Route Mobile Ltd
- Formerly: Route SMS
- Company type: Public
- Traded as: NSE: ROUTE; BSE: 543228;
- ISIN: INE450U01017
- Industry: Telecommunication
- Founded: 2004; 22 years ago
- Founder: Rajdip Gupta
- Headquarters: Mumbai, Maharashtra, India
- Area served: India
- Key people: Rajdip Gupta; (MD, Group CEO); Sandip Gupta; (Chairman – Non-executive);
- Products: Messaging Solutions, Voice, Chatbot, Identity Solutions, Emailer
- Revenue: ₹4,023 crore (US$420 million) (FY24)
- Net income: ₹388 crore (US$40 million) (FY24)
- Owner: Proximus Opal (2024–present);
- Number of employees: 700+ (2022)
- Parent: Proximus Group; (2024–present);
- Website: www.routemobile.com

= Route Mobile =

Indian technology company

Route Mobile (formerly Routesms Solutions Ltd) is an Indian cloud communications platform as a service (CPaaS) company. Started in 2004 and headquartered in Mumbai, the company has presence in more than 15 locations across Asia-Pacific, Middle East, Africa, Europe and North America.

==History==
Route Mobile was started in Mumbai in May 2004 as a cloud communications platform provider for over the top (OTT) and mobile network operators (MNO). It partnered with companies including Idea Cellular, Lanka Bell, and Arab Financials Services for providing messaging services in India, Sri Lanka, Middle East and North Africa region.

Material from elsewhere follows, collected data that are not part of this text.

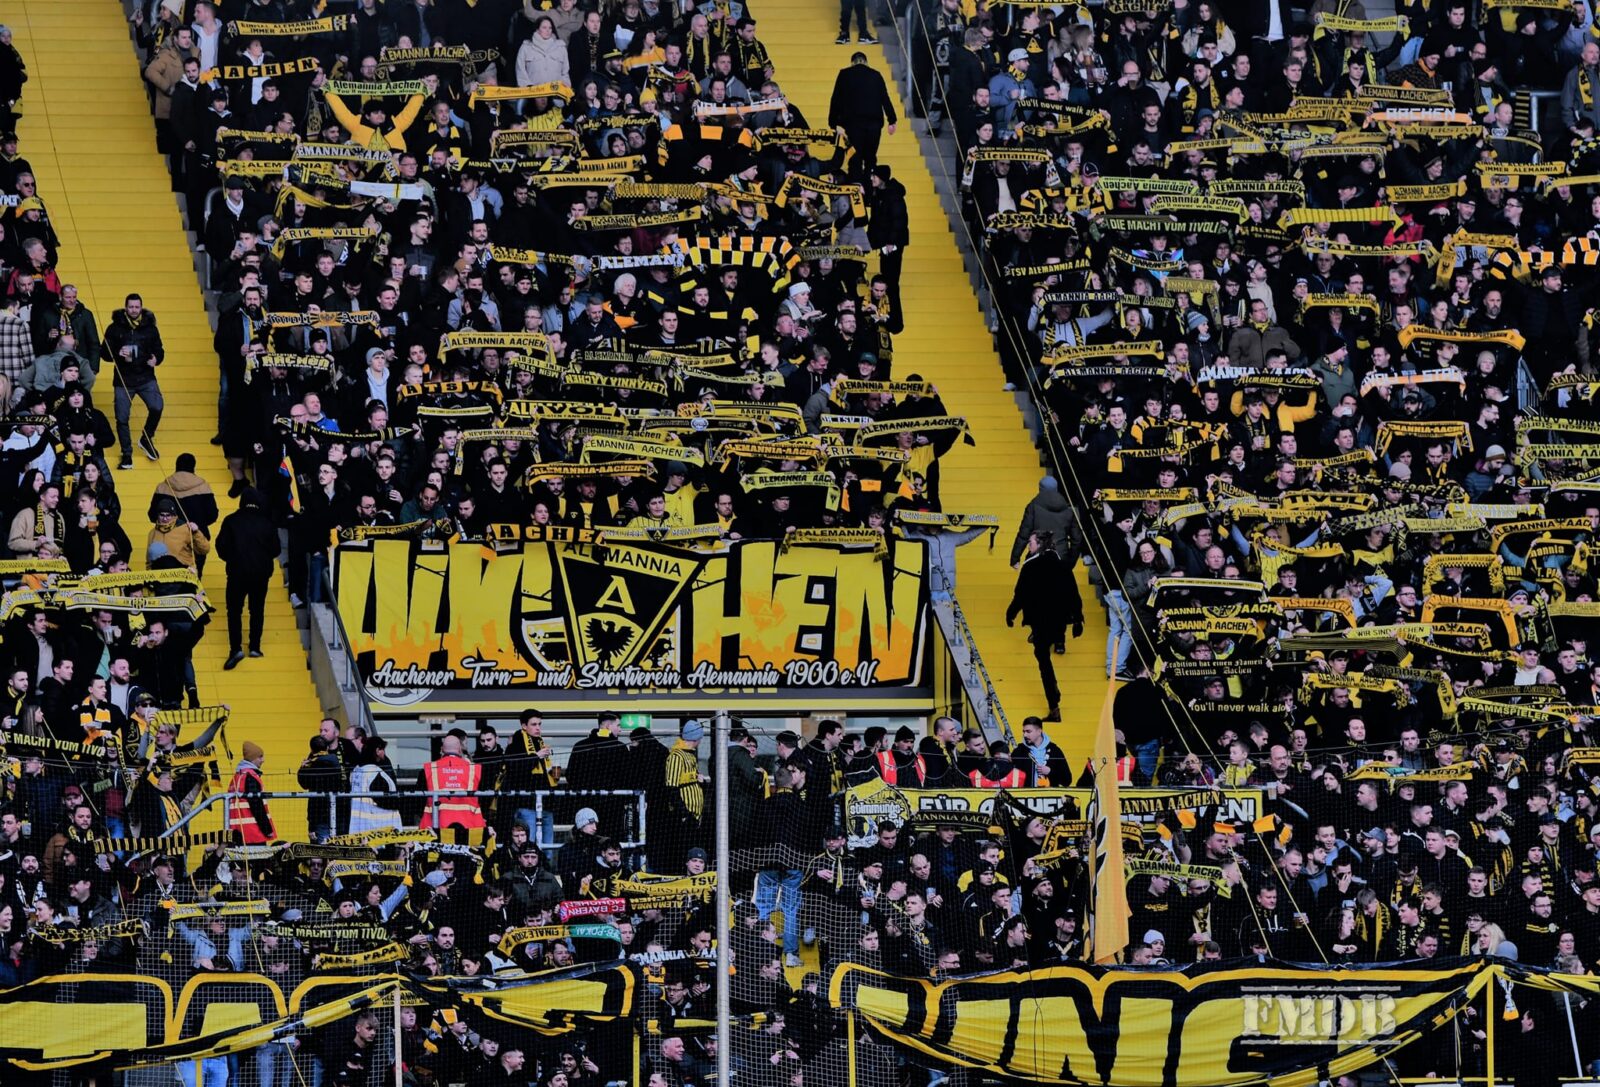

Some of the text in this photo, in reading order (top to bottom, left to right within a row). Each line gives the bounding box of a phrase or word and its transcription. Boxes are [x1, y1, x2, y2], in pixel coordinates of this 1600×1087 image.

[380, 47, 429, 61] LEMANNIA
[333, 79, 422, 92] Alemannia Aachen
[1359, 87, 1429, 101] ALEMANNIA AACHEN
[1040, 101, 1064, 112] never
[1065, 104, 1089, 116] walk
[297, 145, 352, 159] EMANNIA
[247, 161, 323, 171] ALEMNNIA
[1211, 182, 1268, 193] LEMANNIA
[1154, 196, 1241, 209] lemannia Aachen
[1109, 219, 1126, 230] DIE
[332, 227, 372, 238] WILLI
[1009, 266, 1026, 277] TSV
[1026, 262, 1071, 275] ALEMANNIA
[1043, 291, 1089, 302] LEMANNIA
[451, 337, 547, 349] ALEMANNIA AACHEN
[1057, 341, 1151, 358] EMANNIA AACHEN
[565, 372, 667, 396] LEMANNIA AACHEN
[840, 381, 924, 392] LEMANNIA AACHEN
[1550, 374, 1597, 389] LEMANNIA
[495, 429, 514, 437] WALK
[585, 438, 684, 457] EMANNIA AACHEN
[804, 529, 878, 538] ALEMANNIA
[1494, 520, 1555, 539] ALEMANNIA
[563, 544, 682, 577] ALMANNIA
[1165, 607, 1203, 616] MANNIA
[1214, 620, 1248, 631] AACHEN
[1356, 628, 1392, 637] WIR SIND
[1167, 659, 1198, 668] radition
[372, 656, 879, 689] Aachener Turn- und Sportverein Alemannia 1900 e.V.
[1223, 666, 1252, 675] Aachen
[1217, 703, 1245, 712] never
[1248, 702, 1269, 713] walk
[1463, 702, 1550, 721] STAMMSPIELER
[55, 739, 79, 753] VOM
[445, 781, 462, 789] Service
[1168, 790, 1220, 810] AACHEN
[912, 812, 958, 822] MANNIA
[1130, 860, 1182, 873] LEMANNIA
[690, 876, 716, 887] TSV
[566, 902, 626, 916] FC BAYERN
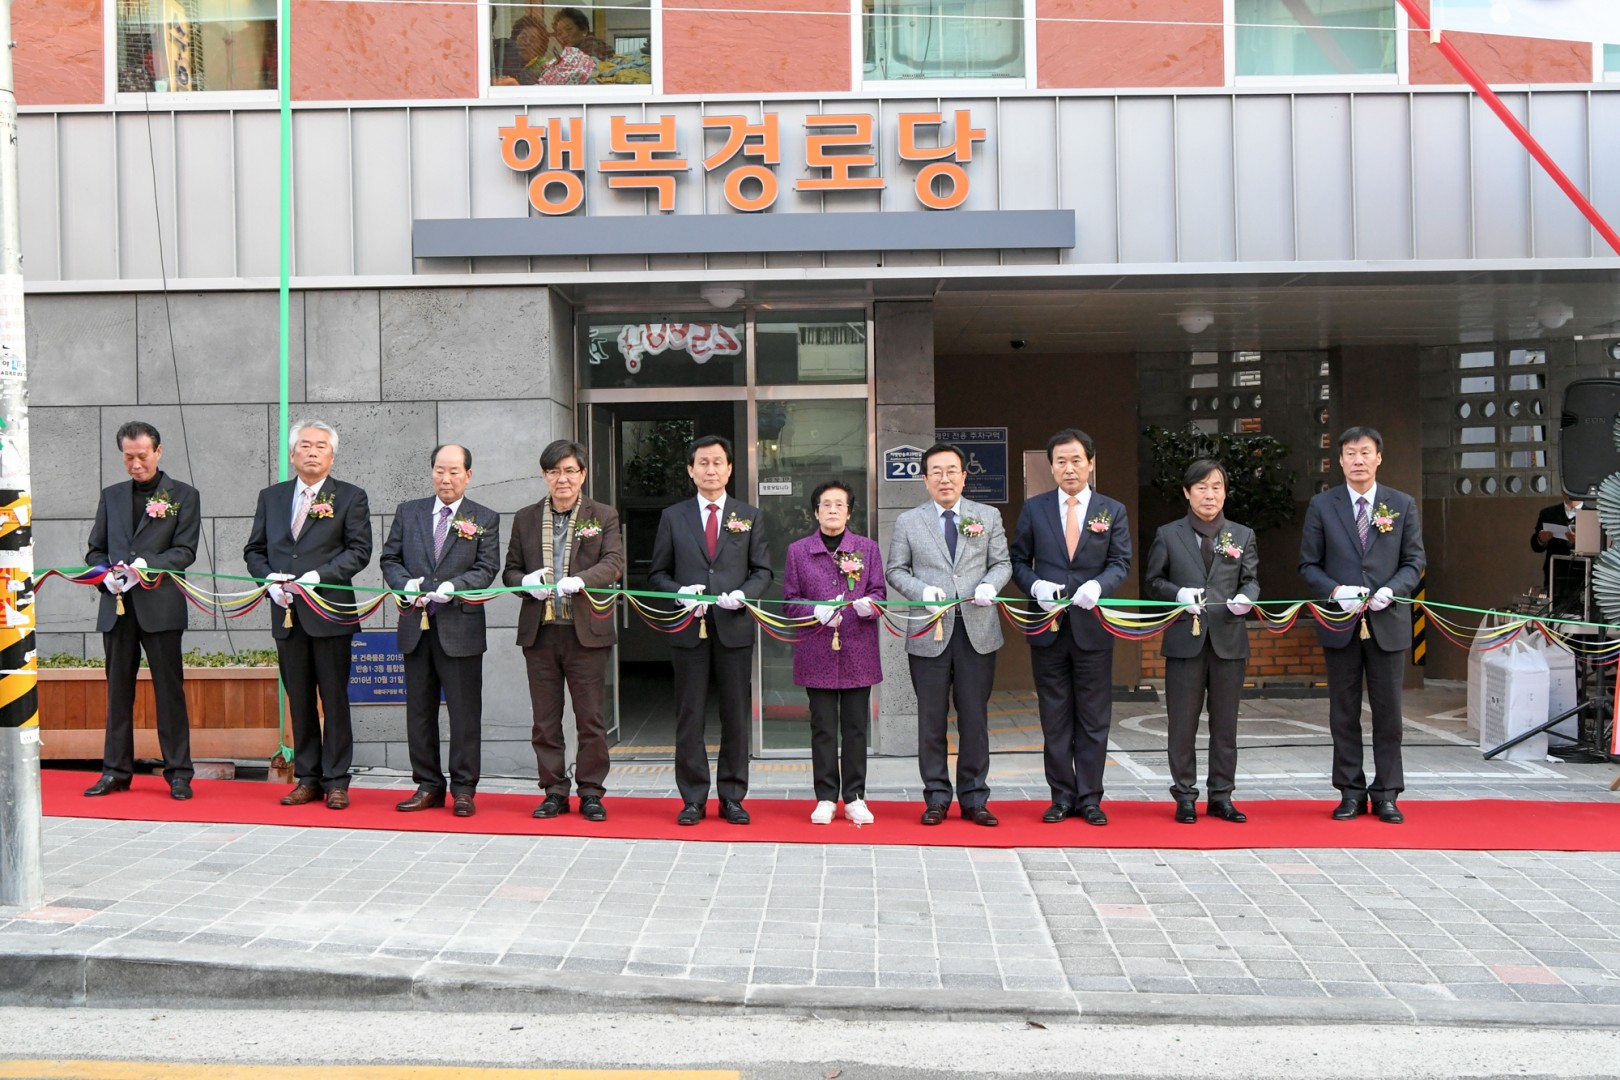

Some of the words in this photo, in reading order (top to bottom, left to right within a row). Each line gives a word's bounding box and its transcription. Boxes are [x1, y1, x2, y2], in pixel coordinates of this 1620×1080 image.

[498, 109, 986, 216] 행복경로당
[935, 431, 950, 440] 애인
[970, 431, 1000, 440] 주차구역
[892, 462, 921, 476] 20
[350, 676, 372, 684] 2016년
[374, 676, 388, 684] 10월

In May 2017, Route Mobile acquired Call 2 Connect, an ITES provider based out of India. In the same year, Route Mobile acquired 365squared, a SMS firewall company based out of Malta.

In July 2023, it was announced that Belgian telecommunications company Proximus Group would be taking a majority stake in Route Mobile through its daughter holding Opal. On May 8, 2024, it was announced that this transaction had been completed.

==Recognition==
- 2019: The Best Messaging Innovation – Consumer Solution Award at Messaging and SMS Global Awards, London.
- 2019: The Fastest Growing Indian Technology and Telecom Company Award in UK at India Meets Britain Tracker 2019.
- 2020: Among the most fastest growing companies in Technology & Telecom sector and overall 2nd in the UK's top fastest growing Indian companies in the United Kingdom 2020.
- 2019: The Best Governed Company in the unlisted segment (Emerging Category) award at the 19th ICSI National Award for Corporate governance.